Our Three Vocabularies

Speaking and Writing are two of the three vocabularies we use to understand and communicate in our world. The third is our Reading vocabulary.

Of the three, our Reading vocabulary is by far the largest and the most complex. Our Speaking vocabulary is by far the smallest and the least grammatical, but listeners willingly forgive our ers and uhs and sos and wells, and especially our grammatical slips, because most of us can’t think fast enough on the fly to remember the difference between lay and lie. Somewhere between our Reading and Speaking vocabularies lies our Writing vocabulary, the one on which we hang our reputation with clients, colleagues, and judges.

No one is around to assess our Reading, and listeners forgive most of our slips when Speaking, but others judge our Writing incessantly and sometimes harshly. Unlike listeners, readers have time to consider our words, to re-read them, to determine if we’ve followed the rules, and to wonder where in all those words lies our meaning.

“Vigorous” Writing

Readers come to what we have written with a certain degree of confidence in us—that we have used each word for a reason. As they read, however, they begin to sense that maybe there’s no reason to use some of these words, and they shift into an automatic, subliminal, sorting-out process trying to determine, “Which words do I need to understand what this person’s trying to tell me?” In this sorting-out process, they slow in their reading, and they become more confused.

When we remove unnecessary words, two things happen: First, our readers have fewer words they must process to get the same meaning. Second, they do not have to search for words that convey meaning—because they all do. Although we will rarely achieve it, our goal should be to remove every meaningless word.

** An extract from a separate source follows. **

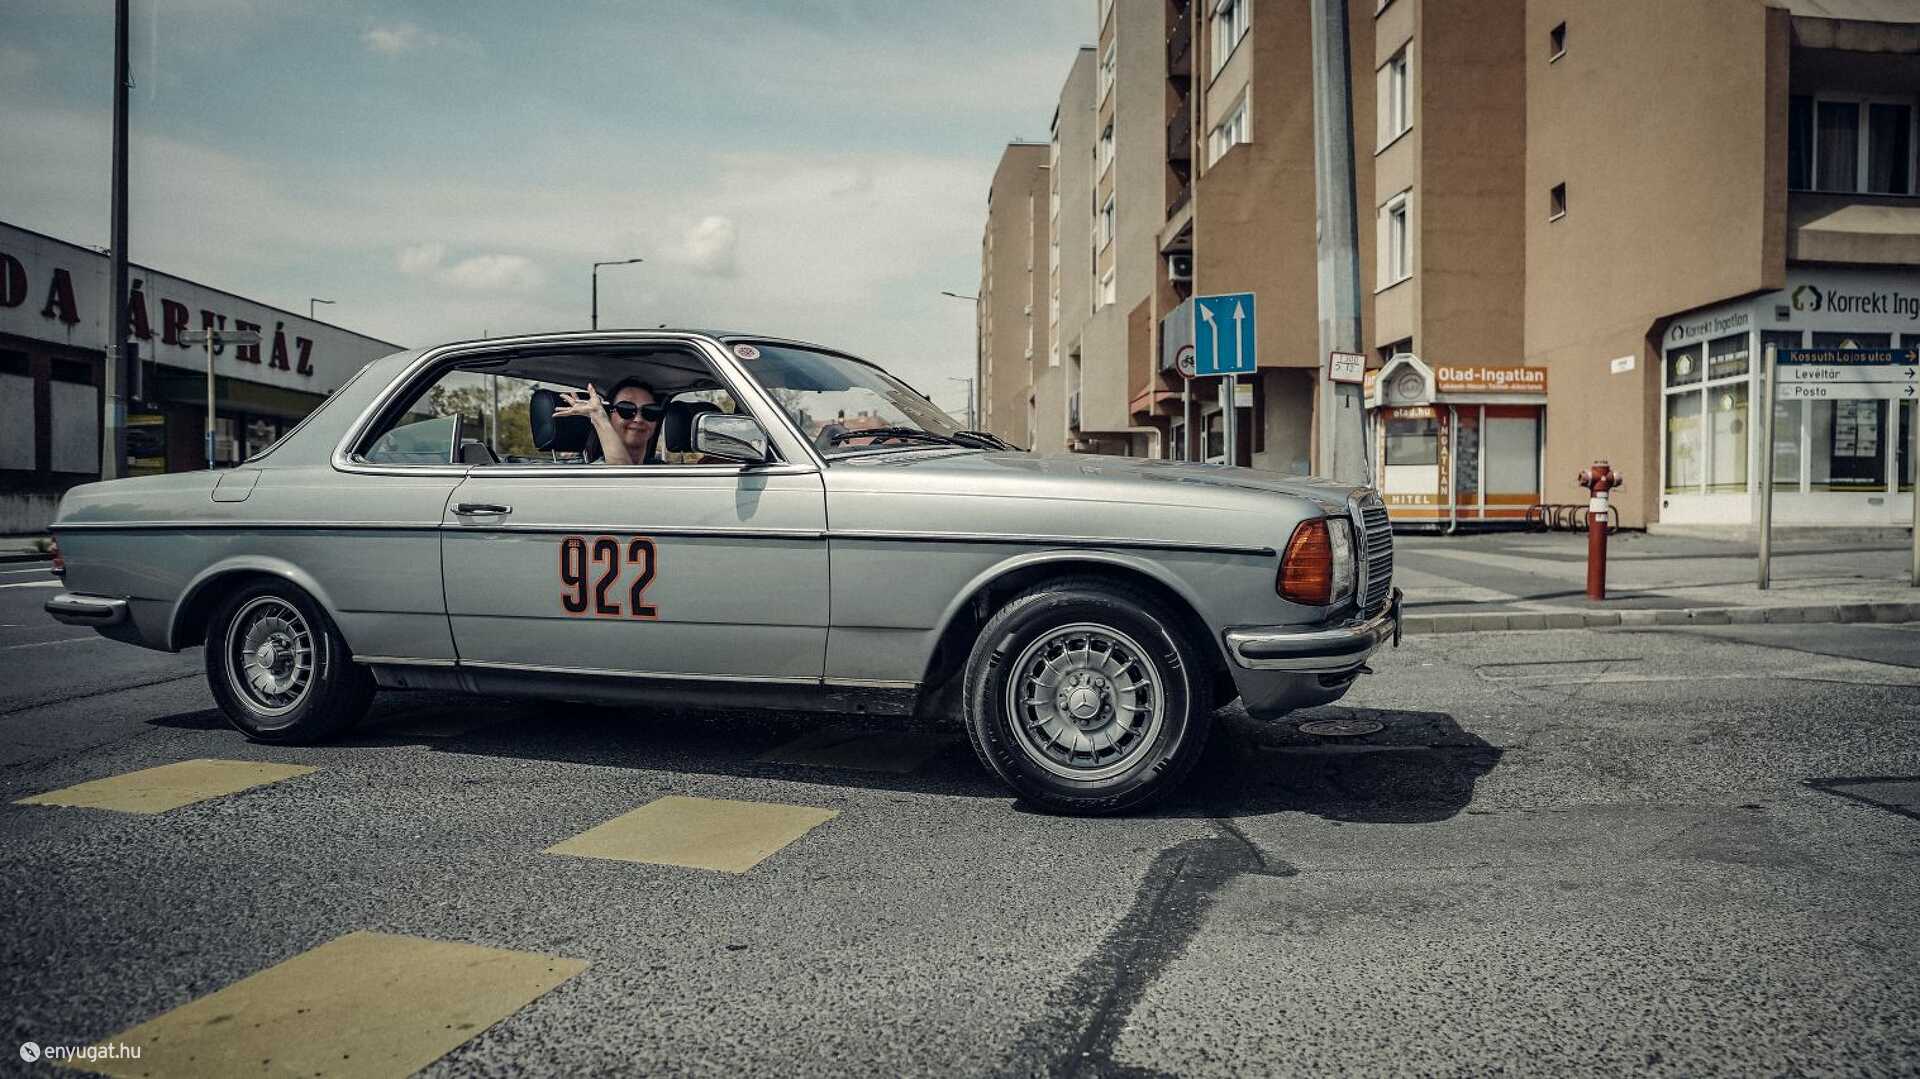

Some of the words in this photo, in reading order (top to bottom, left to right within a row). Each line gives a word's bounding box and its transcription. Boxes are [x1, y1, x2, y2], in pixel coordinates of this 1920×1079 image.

The most famous book on using words—William Strunk and E.B. White’s The Elements of Style—contains the teachings of Professor Strunk from over a century ago, and his musings resonate today. The most famous “rule” in The Elements of Style is 13 (or 17 in later versions): “Omit needless words.” It reads:

“Vigorous writing is concise. A sentence should contain no unnecessary words, a paragraph no unnecessary sentences, for the same reason that a drawing should have no unnecessary lines and a machine no unnecessary parts. This requires not that the writer make all sentences short, or avoid all detail and treat subjects only in outline, but that every word tell.”

Stricter word limits for litigators are one example of courts trying to keep us from rambling. They might add to Rule 13: A brief should have no unnecessary words. If we remove the words that do not convey meaning, we will have an easier time meeting these limits.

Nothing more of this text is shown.